*** Opening The data ***

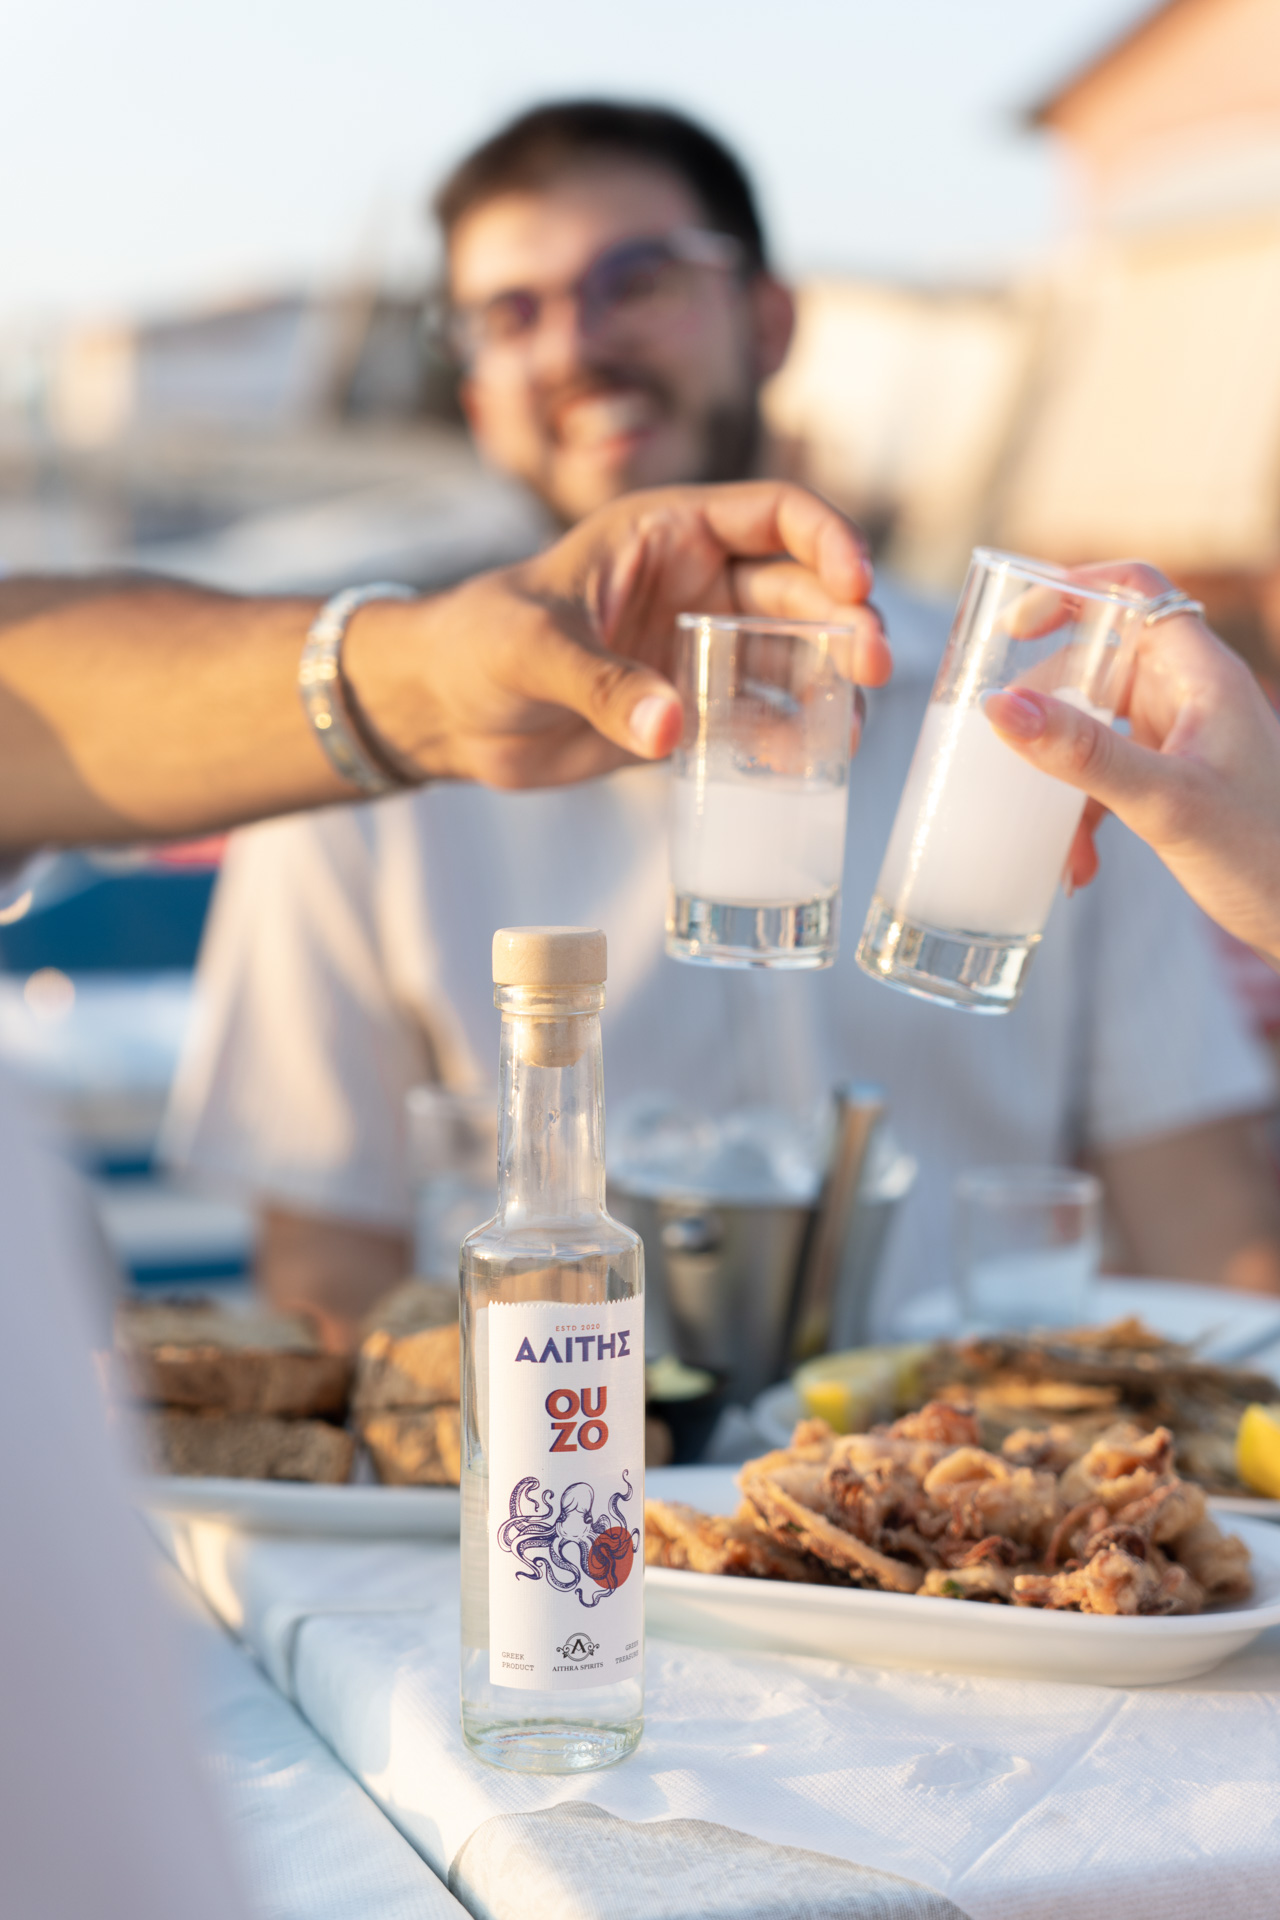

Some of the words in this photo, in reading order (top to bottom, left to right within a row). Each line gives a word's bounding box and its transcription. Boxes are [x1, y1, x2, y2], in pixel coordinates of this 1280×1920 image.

[580, 1323, 601, 1331] 2020
[514, 1330, 631, 1363] ΑΛΙΤΗΣ
[545, 1386, 607, 1420] OU
[549, 1419, 609, 1452] ZO
[501, 1651, 525, 1660] GREEK
[501, 1661, 535, 1671] PRODUCT
[580, 1662, 604, 1671] SPIRITS

*** Closing The data ***

Write every entry out again exactly, dropping the pictures.

Some of the words in this photo, in reading order (top to bottom, left to right within a row). Each line gives a word's bounding box and its transcription. Boxes are [x1, y1, x2, y2], in pixel coordinates of this 1280×1920 image.

[580, 1323, 601, 1331] 2020
[514, 1330, 631, 1363] ΑΛΙΤΗΣ
[545, 1386, 607, 1420] OU
[549, 1419, 609, 1452] ZO
[501, 1651, 525, 1660] GREEK
[501, 1661, 535, 1671] PRODUCT
[580, 1662, 604, 1671] SPIRITS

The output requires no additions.